Figure 8.

A point mutation that disrupts the ILK binding impairs the FA localization of CH-ILKBP. (A) GST–CH-ILKBP proteins. GST fusion proteins containing the mutant form (F271D) of CH2 domain (residues 258–372) (lane 1), the CH2 domain (residues 258–372) (lane 2), CH-ILKBP (lane 4), and the F271D point mutant (lane 5) and GST (lane 3) were separated on SDS-PAGE (10 μg/lane) and detected by Coomassie blue R-250 staining. (B) ILK binding. C2C12 cell lysates (260 μg) were incubated and precipitated with equal amount (10 μg) of GST or GST–CH-ILKBP proteins as indicated. ILK was detected by Western blotting with anti-ILK antibody 65.1. Lane 1 was loaded with C2C12 cell lysates (9 μg/lane). (C and D) FA localization.

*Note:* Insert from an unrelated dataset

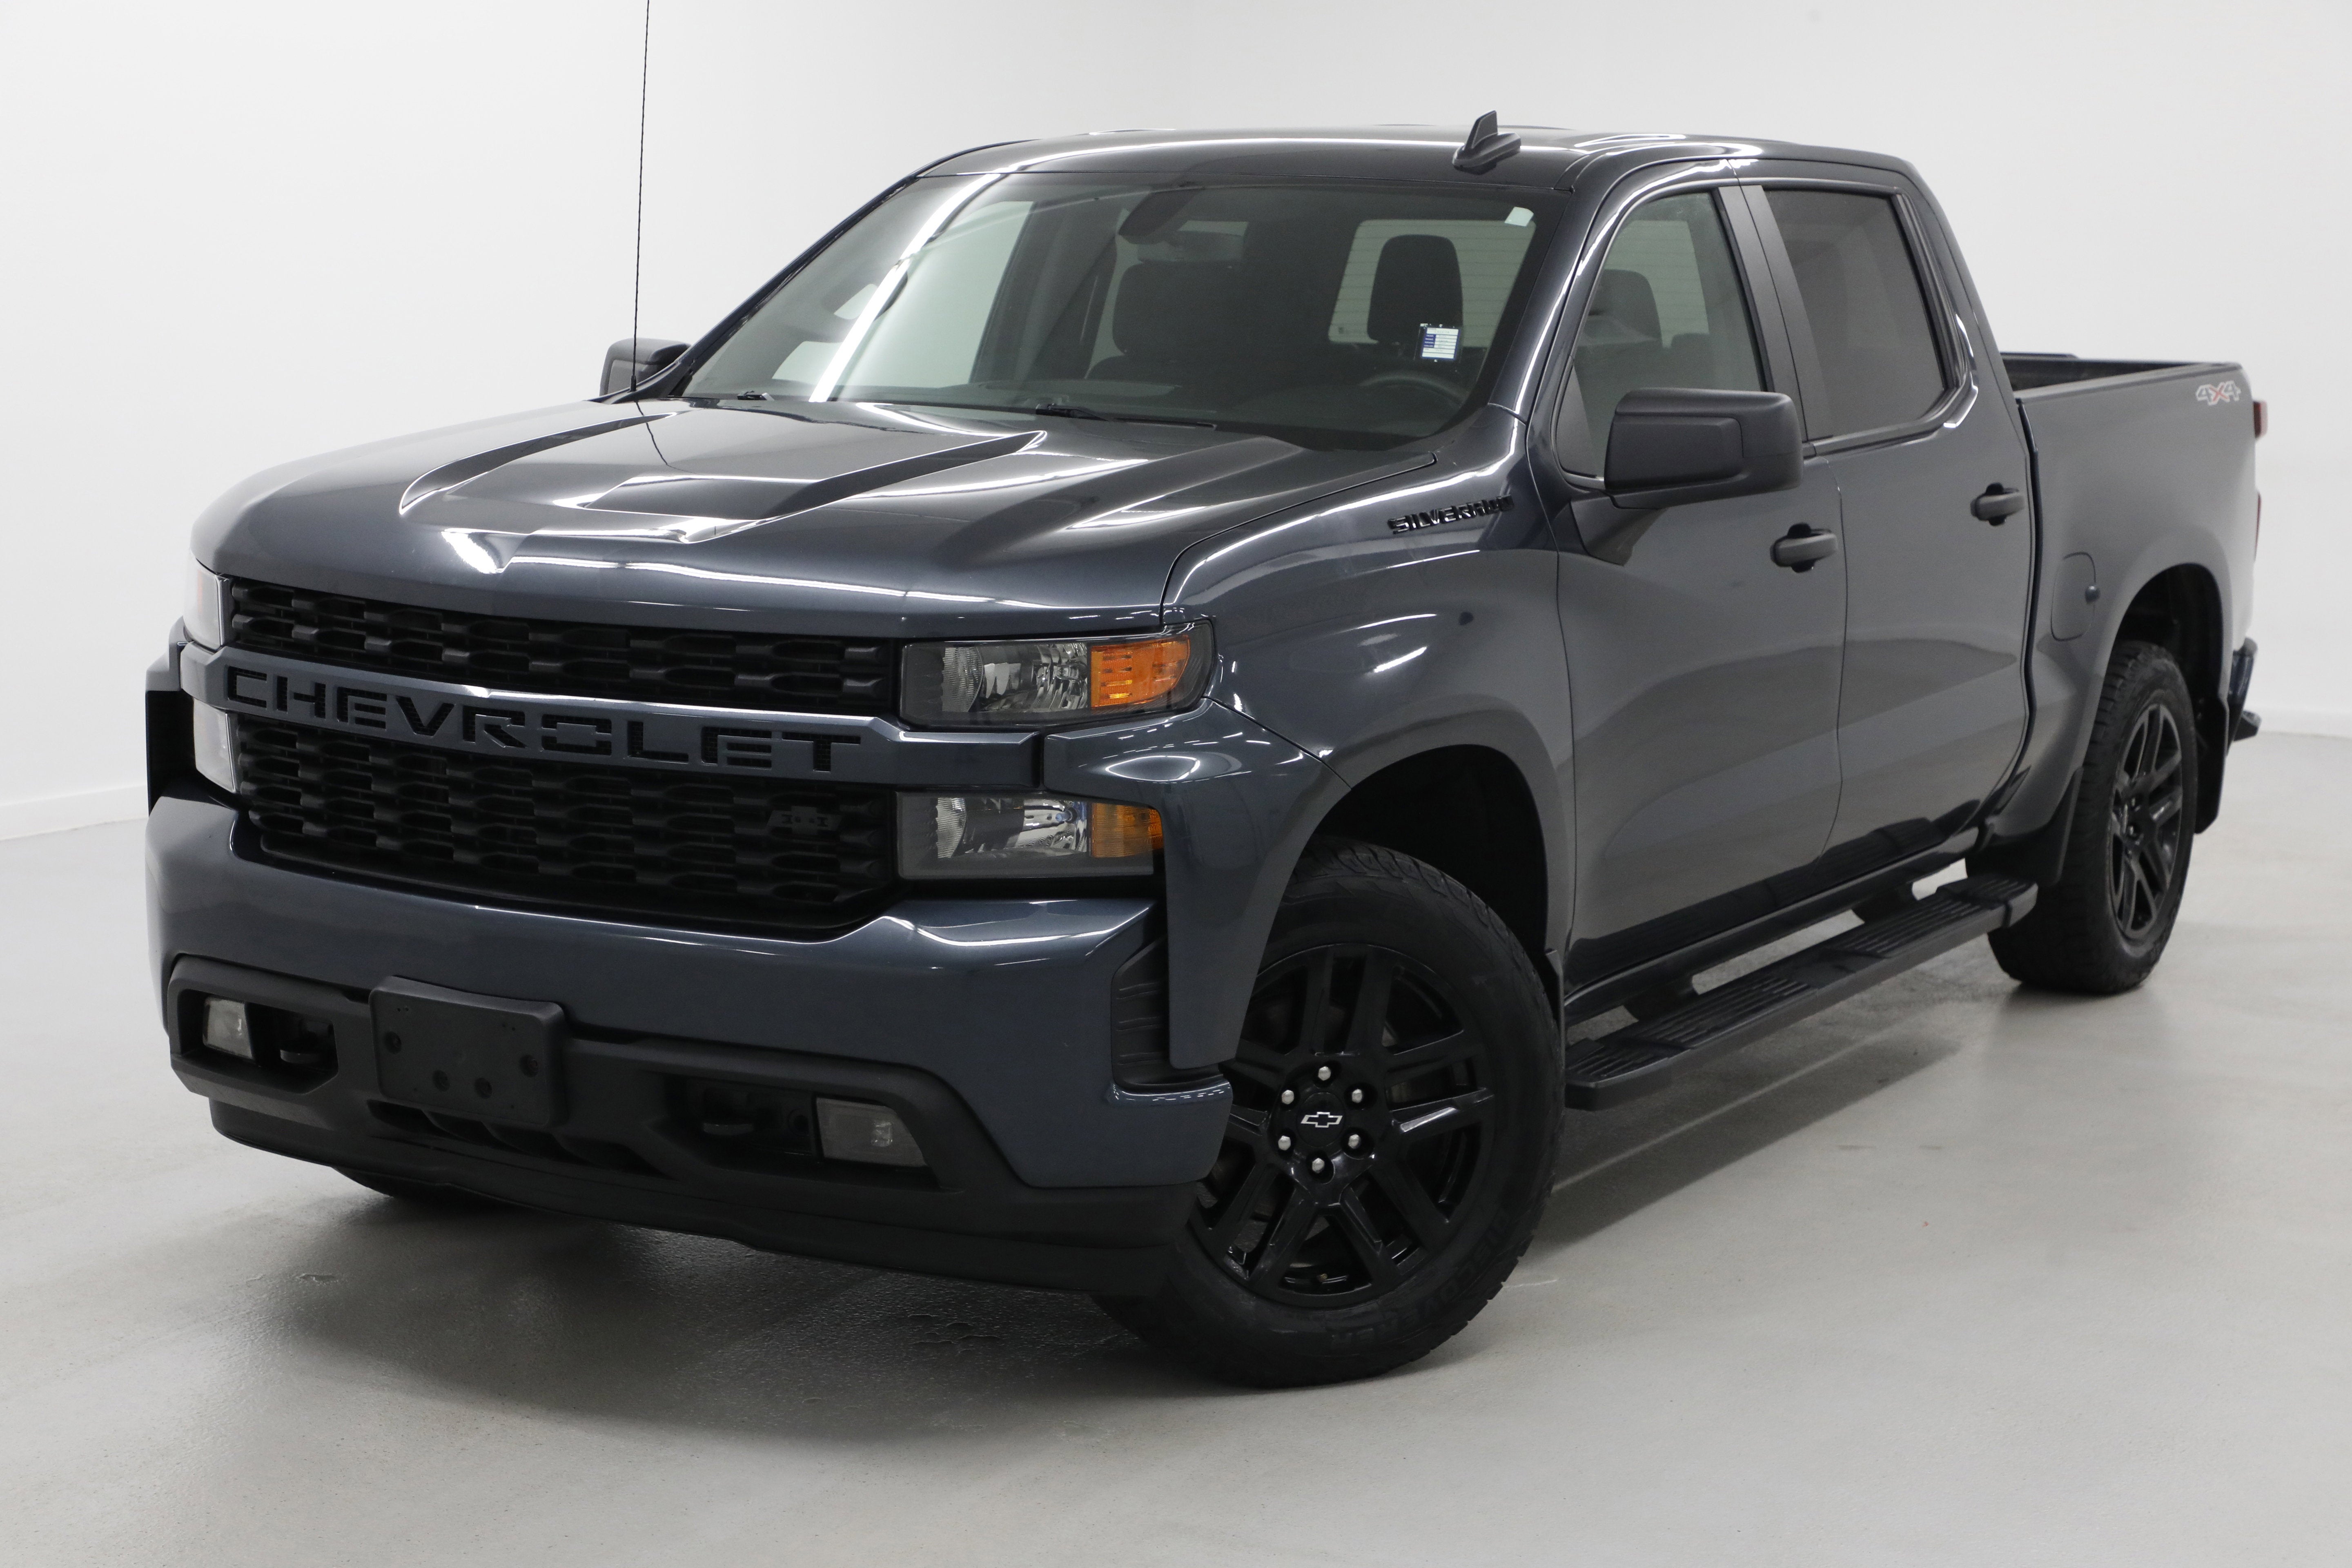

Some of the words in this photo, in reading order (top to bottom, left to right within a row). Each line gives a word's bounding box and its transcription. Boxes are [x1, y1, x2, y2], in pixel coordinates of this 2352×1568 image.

[2196, 380, 2241, 406] 4X4
[1387, 494, 1515, 535] SILVERADO
[227, 666, 861, 772] CHEVROLET

Rat mesangial cells expressing GFP fusion protein containing the full-length F271D point mutant were plated on fibronectin-coated coverslips and stained with anti-ILK antibody 65.1 and Rhodamine red™-conjugated anti–mouse IgG antibody. GFP-F271D (C) and ILK (D) were visualized under a fluorescence microscope equipped with GFP and rhodamine filters. Bar, 5 μm.